Contains singular values.

의 각 row는

의 right-hand side singular vector이다. And unitary matrix

Each row in

Right-hand side singular vector

는

과

의 concatenation으로 표현되는데,

를

의 rank라고 할 때,

는

의 첫 번째 column 부터

번째 column 으로 구성된 행렬을 뜻하고,

는

의

번째 column 부터

번째 column 으로 구성된 행렬을 뜻한다.Also, in [Equation 4]

Is

and

Expressed as the concatenation of

To

When we say rank,

Is

From the first column of

Means the matrix of the second column,

Is

of

From the first column

The matrix consists of the first column.

는

의 null space의 orthogonal basis로 구성된다.

를 SVD 하면 아래 [수식 5]와 같이 나타낼 수 있다.At this time,

Is

It consists of an orthogonal basis of null space.

SVD can be expressed as [Equation 5] below.

[Equation 5]

는

로 정의 할 수 있고, 각 단말의 receive filter

는

로 정의 할 수 있다.Furthermore, BD precoder through [Equation 4] and [Equation 5]

Is

Defined by the receive filter of each terminal

Is

Can be defined as

는 아래 [수식 6]과 같이 나타낼 수 있다.At this time, decoded signal of each terminal

Can be expressed as in Equation 6 below.

[Equation 6]

명의 선택된 단말의 성능지표(sum rate)에 대한 계산식

은 [수식 6]을 통해 아래 [수식 7]과 같이 표현할 수 있다.Finally, in one embodiment of the present invention

Equation for sum rate of selected terminals

Equation 6 can be expressed as Equation 7 below.

[Formula 7]

Hereinafter, a terminal (user) selection technique capable of maximizing a performance index (sum rate) derived through the above-described process will be proposed.

Specifically, a base station apparatus 10 capable of maximizing a performance index (sum rate) is proposed.

In this regard, Figure 3 shows the configuration of a base station apparatus 10 according to an embodiment of the present invention.

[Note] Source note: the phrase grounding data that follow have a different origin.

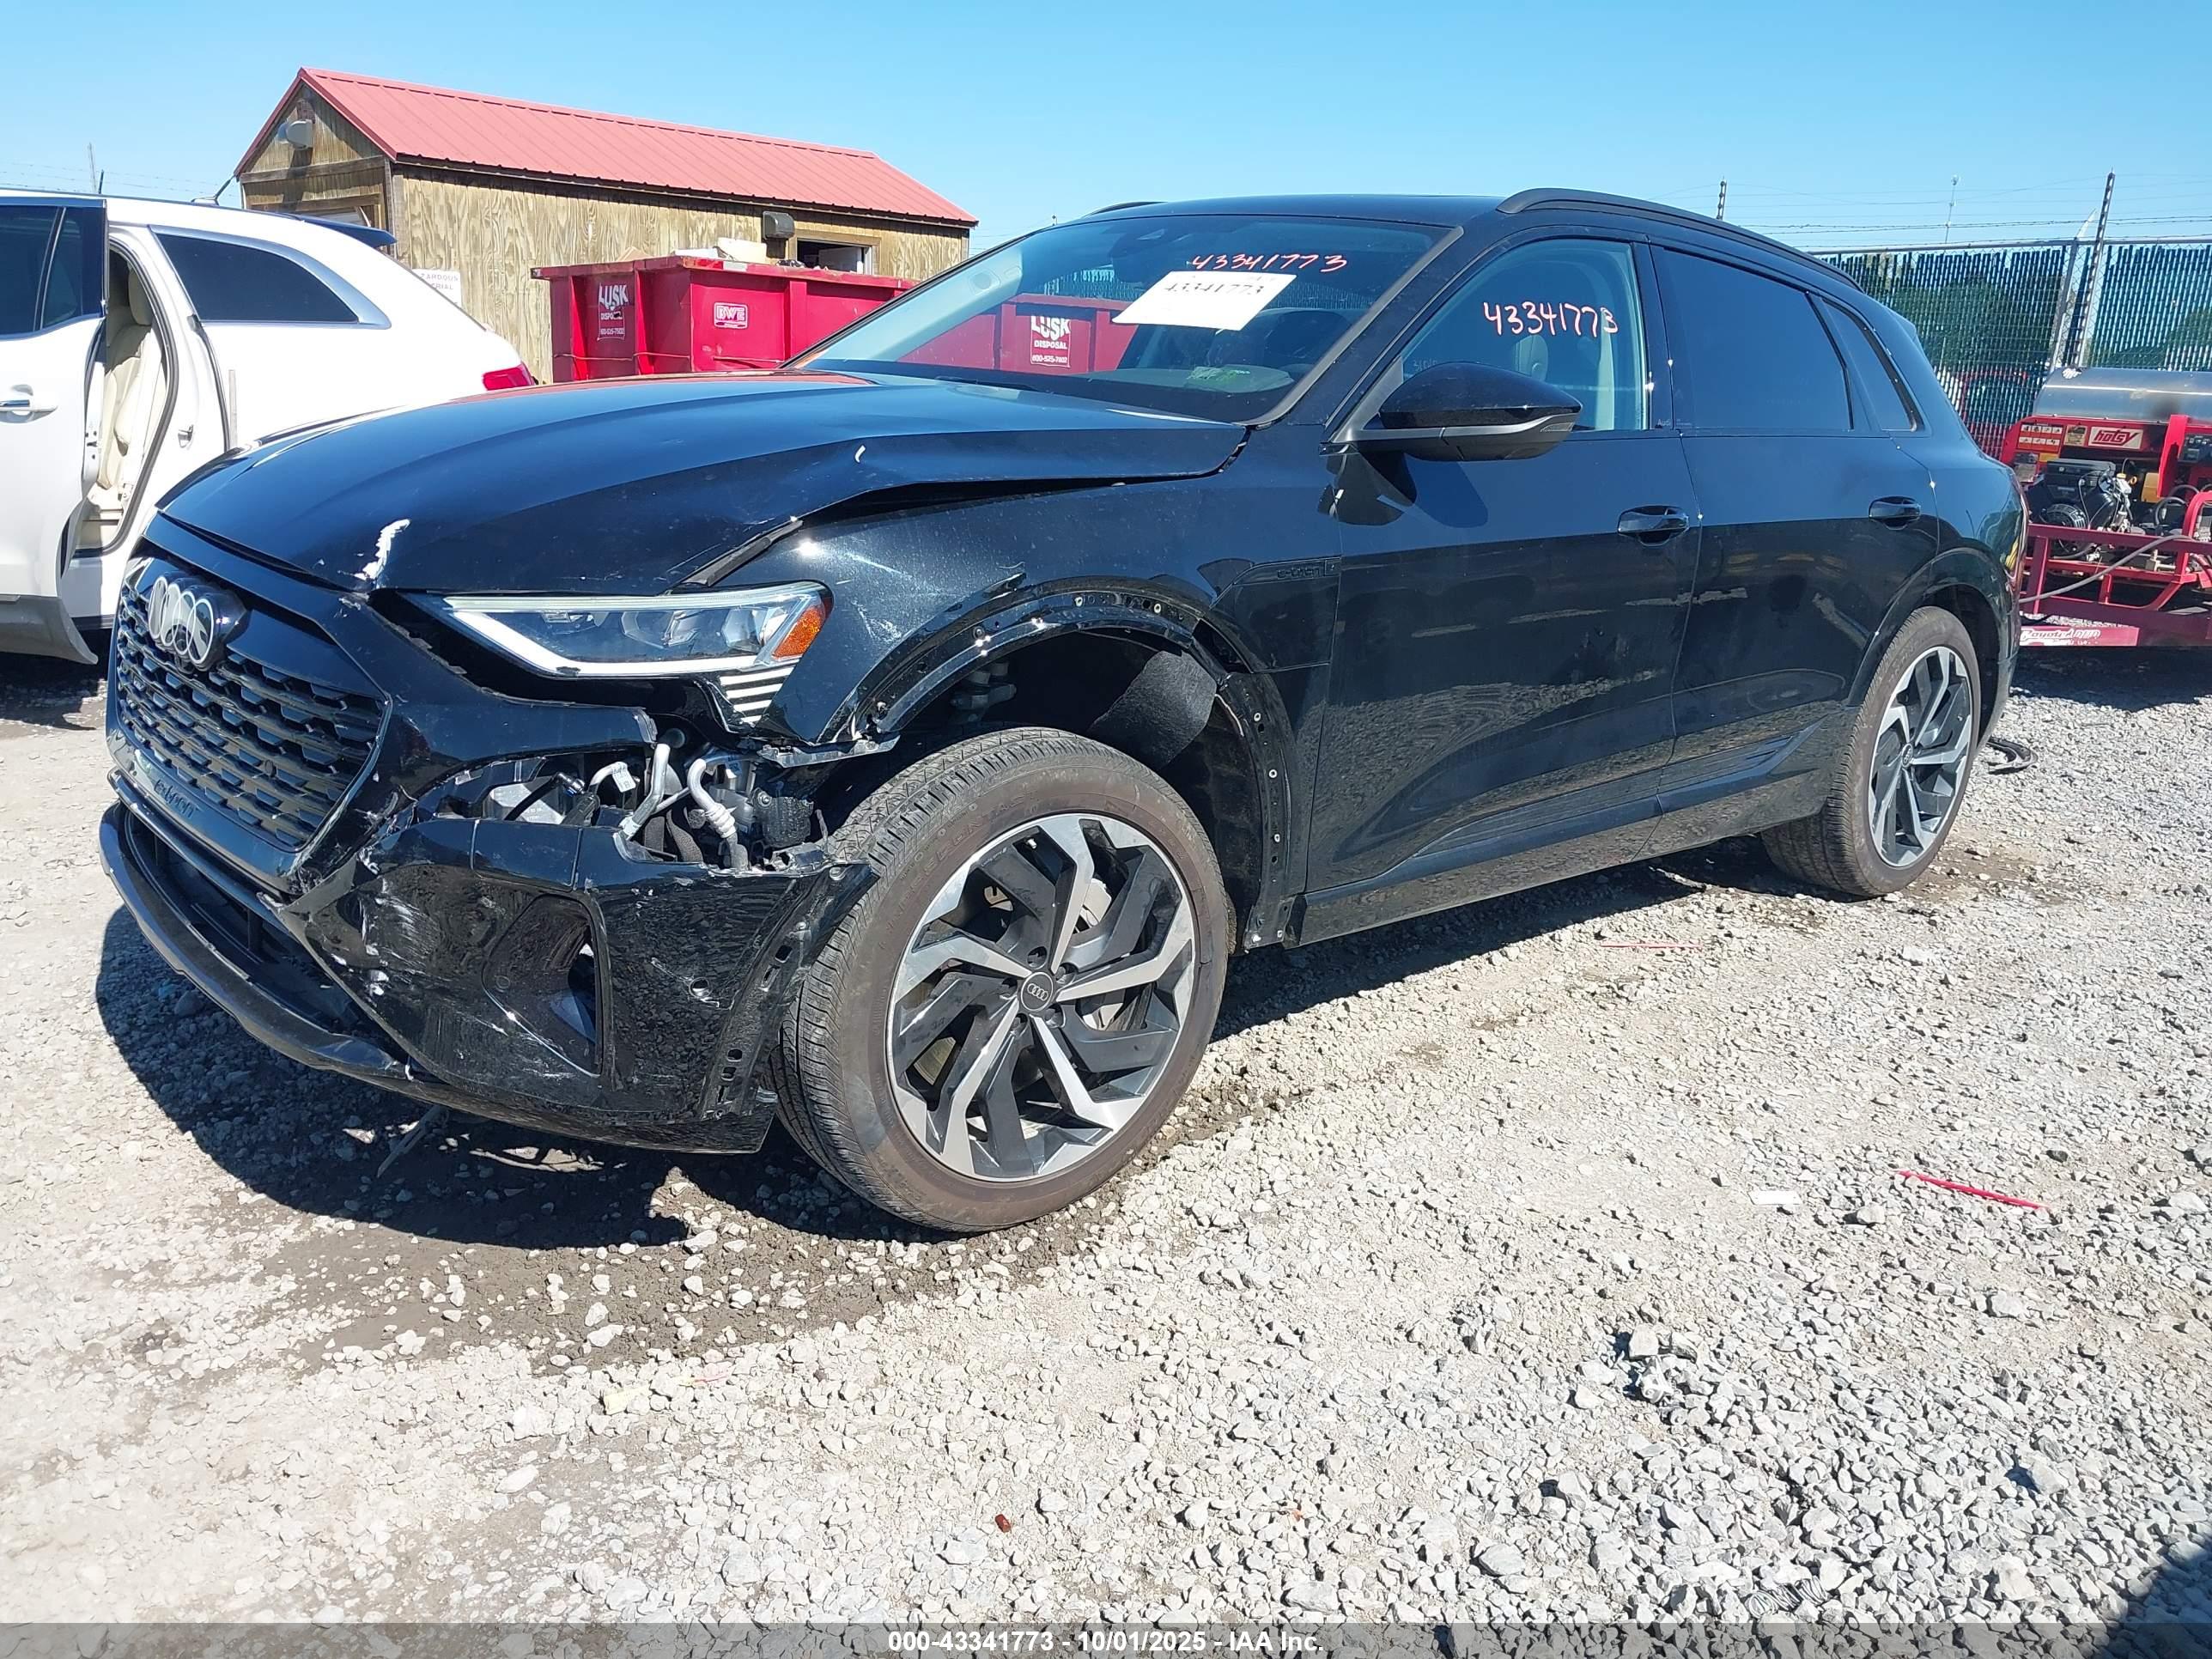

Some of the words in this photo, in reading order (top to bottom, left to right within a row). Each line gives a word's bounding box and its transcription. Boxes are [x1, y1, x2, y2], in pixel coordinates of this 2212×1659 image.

[1192, 254, 1347, 272] 43341773
[599, 284, 629, 311] LUSK
[1031, 315, 1072, 341] LUSK
[1484, 301, 1619, 337] 43341773
[1034, 340, 1067, 349] DISPOSAL

As shown in FIG. 3, the base station apparatus 10 according to an embodiment of the present invention includes a generation unit 11 for generating a primary user group, a configuration unit 12 constituting a subgroup, And a determination unit 13 for determining a simultaneous transmission group.

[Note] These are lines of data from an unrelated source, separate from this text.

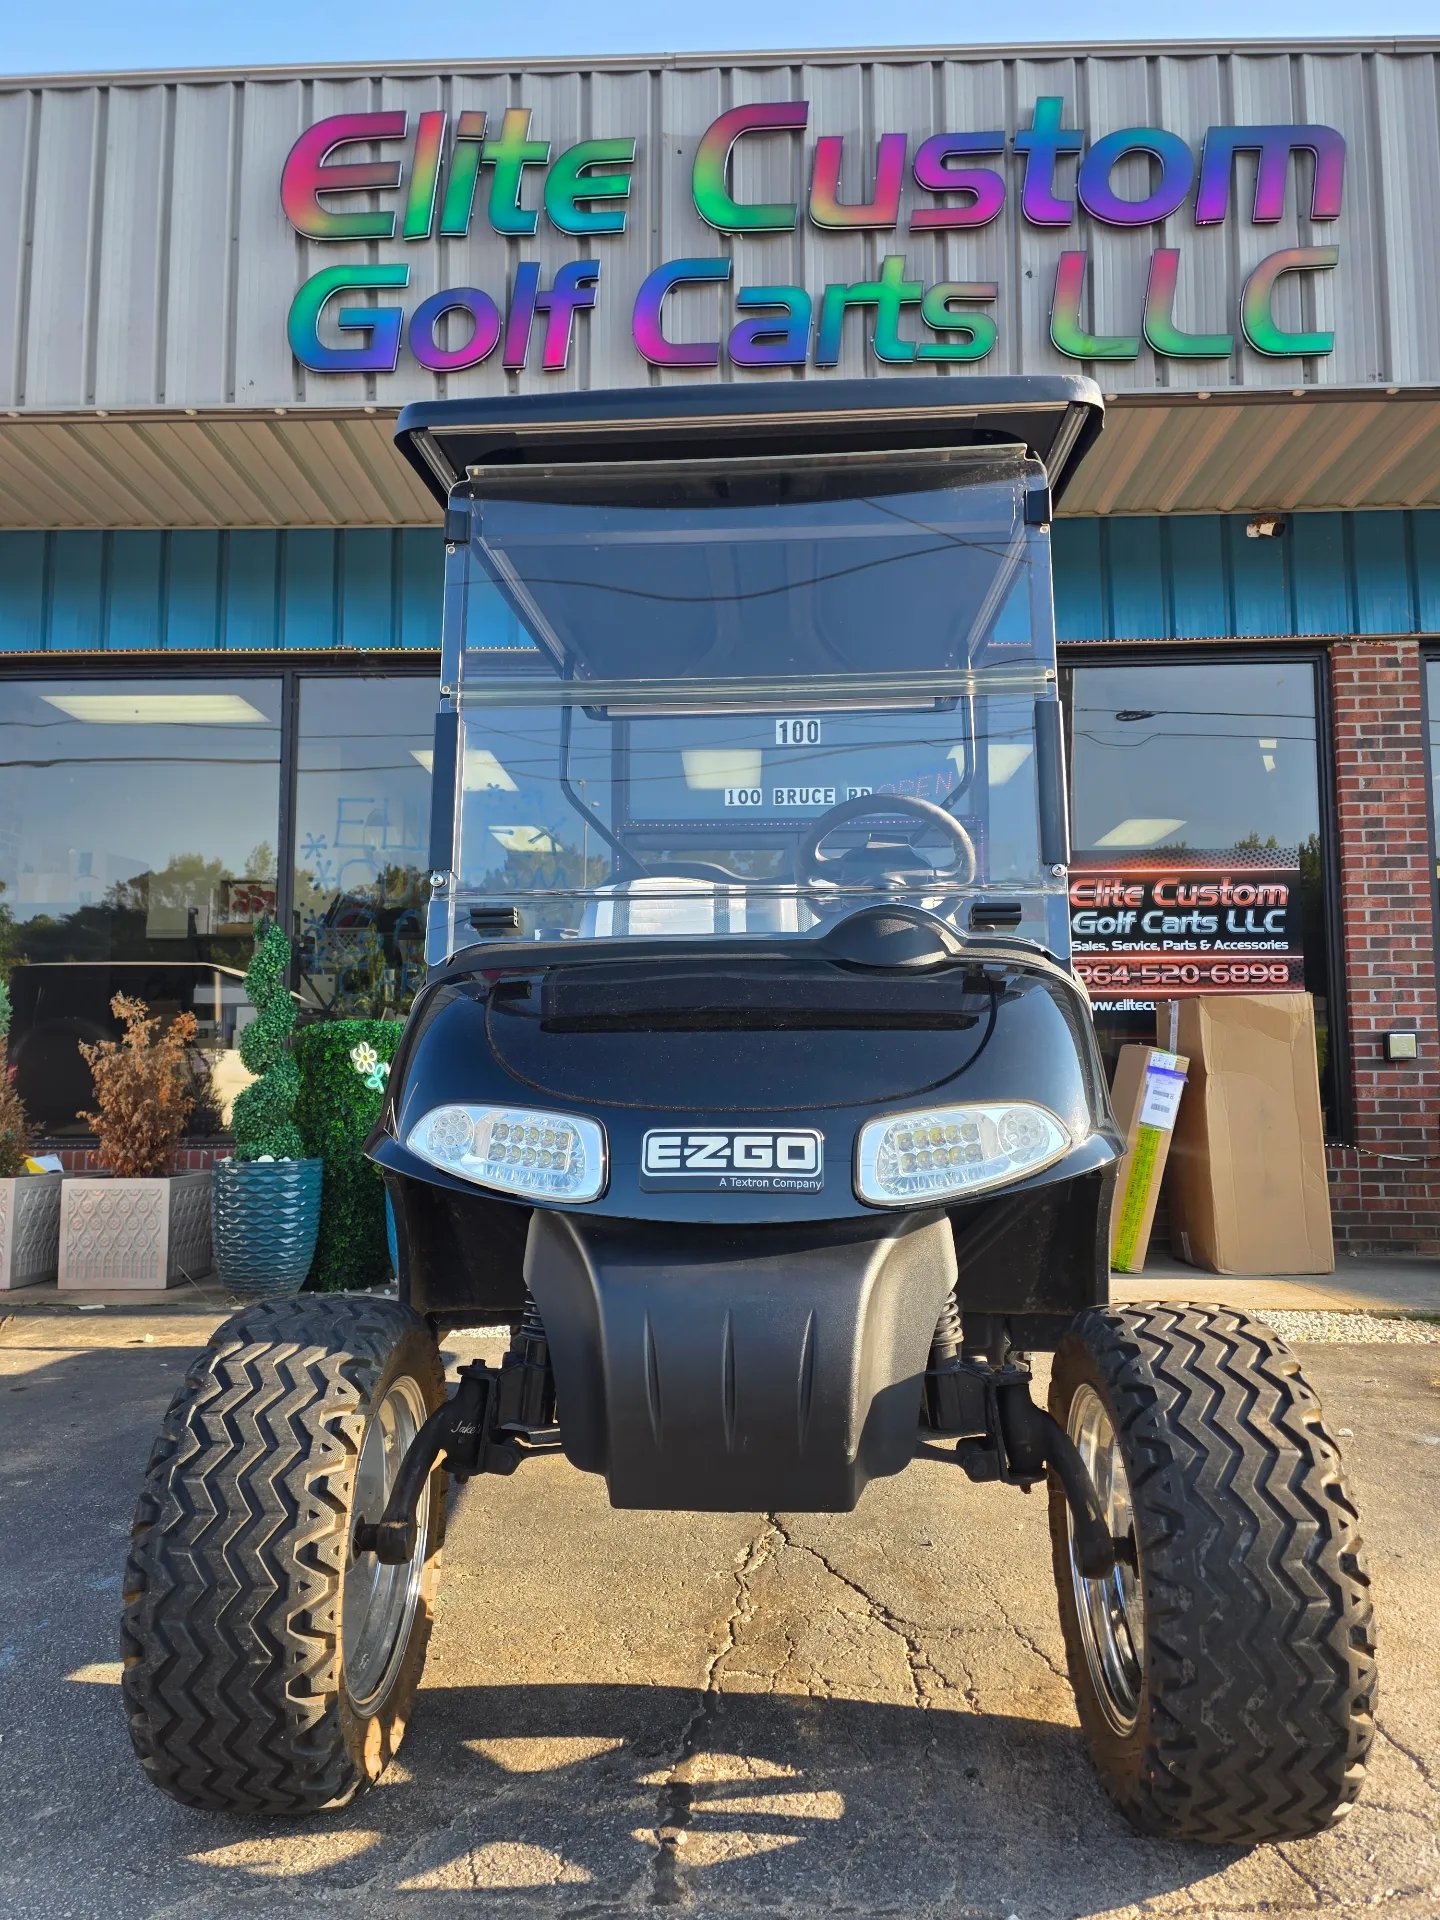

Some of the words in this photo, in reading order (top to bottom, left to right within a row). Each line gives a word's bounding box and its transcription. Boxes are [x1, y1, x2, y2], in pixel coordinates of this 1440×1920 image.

[280, 107, 637, 241] Elite
[692, 96, 1347, 234] Custom
[287, 258, 601, 373] Golf
[631, 254, 1000, 370] Carts
[1049, 244, 1340, 360] LLC
[778, 720, 819, 744] 100
[727, 789, 761, 805] 100
[774, 788, 834, 804] BRUCE
[1069, 878, 1144, 908] Elite
[1152, 876, 1289, 907] Custom
[1071, 909, 1137, 935] Golf
[1141, 909, 1219, 935] Carts
[1226, 908, 1287, 934] LLC
[1072, 940, 1109, 952] Sales,
[1111, 940, 1161, 951] Service,
[1163, 940, 1197, 951] Parts
[1200, 940, 1211, 950] &
[1213, 939, 1289, 950] Accessories
[1075, 964, 1289, 985] 864-520-6898
[1090, 998, 1171, 1011] ww.elitecu
[719, 1178, 727, 1187] A
[730, 1178, 769, 1188] Textron
[772, 1178, 822, 1190] Company

In addition, the base station apparatus 10 according to an embodiment of the present invention may further include a configuration of a transmission unit 14 for simultaneously transmitting each data to the terminal determined the simultaneous transmission group.

The whole or at least part of the configuration of the base station apparatus 10 may be implemented in the form of a hardware module or a software module, or may be implemented in the form of a combination of a hardware module and a software module.

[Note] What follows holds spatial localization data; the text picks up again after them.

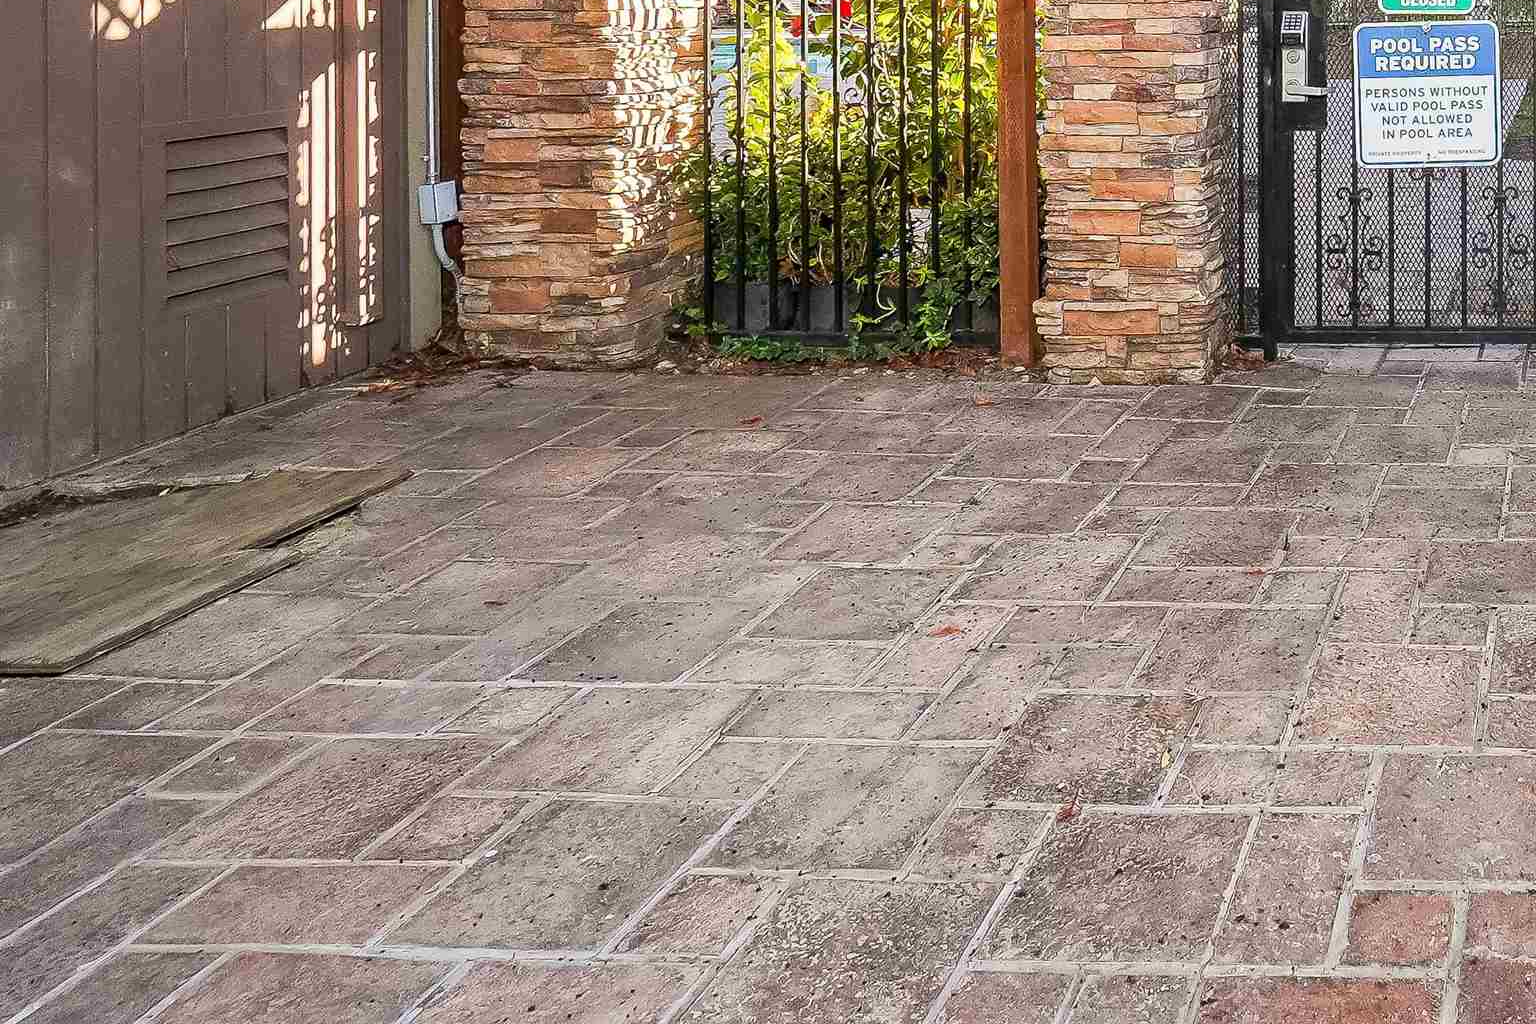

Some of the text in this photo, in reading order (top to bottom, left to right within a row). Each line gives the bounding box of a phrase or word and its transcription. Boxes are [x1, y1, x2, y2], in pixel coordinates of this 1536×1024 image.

[1370, 36, 1480, 54] POOL PASS
[1375, 54, 1476, 72] REQUIRED
[1365, 86, 1488, 98] PERSONS WITHOUT
[1370, 100, 1484, 112] VALID POOL PASS
[1382, 114, 1473, 125] NOT ALLOWED
[1382, 127, 1473, 139] IN POOL AREA

Here, the software module may be understood as, for example, an instruction executed by a processor controlling an operation in the base station apparatus 10, and the instruction may have a form mounted in a memory in the base station apparatus 10.

On the other hand, the base station apparatus 10 according to an embodiment of the present invention has a configuration in addition to the above-described configuration, further comprising a communication unit 15 which is an RF module that is responsible for the actual communication function with each terminal determined as a simultaneous transmission group. Can be.

Here, the communication unit 15 may include, but is not limited to, for example, an antenna system, an RF transceiver, one or more amplifiers, tuners, one or more oscillators, a digital signal processor, a codec chipset, a memory, and the like. Any known circuit to be performed may be included.

As a result, the base station apparatus 10 according to an embodiment of the present invention can realize a maximization of a performance index through the above-described configuration. Hereinafter, for each component in the base station apparatus 10 for realizing this, It will be described in more detail.

The generation unit 11 performs a function of generating a reference terminal group by selecting a reference terminal from a plurality of terminals.

Specifically, the generation unit 11 generates a reference terminal group by selecting a terminal satisfying a specific criterion among the plurality of terminals located in the coverage of the base station apparatus 10 as the reference terminal.

In this case, the generation unit 11 may select a reference terminal based on the channel information of each of the plurality of terminals, the channel information is related to the downlink channel between the base station apparatus and the terminal, between the antenna of the base station apparatus and the antenna of the terminal It can be expressed as a channel matrix for the channel of.

Here, the channel information is received from each of the plurality of terminals together with the eigen values of the correlation matrix based on the dimension of the channel matrix. In particular, the correlation matrix here is to be used as a specific condition for selecting a reference terminal. Can be.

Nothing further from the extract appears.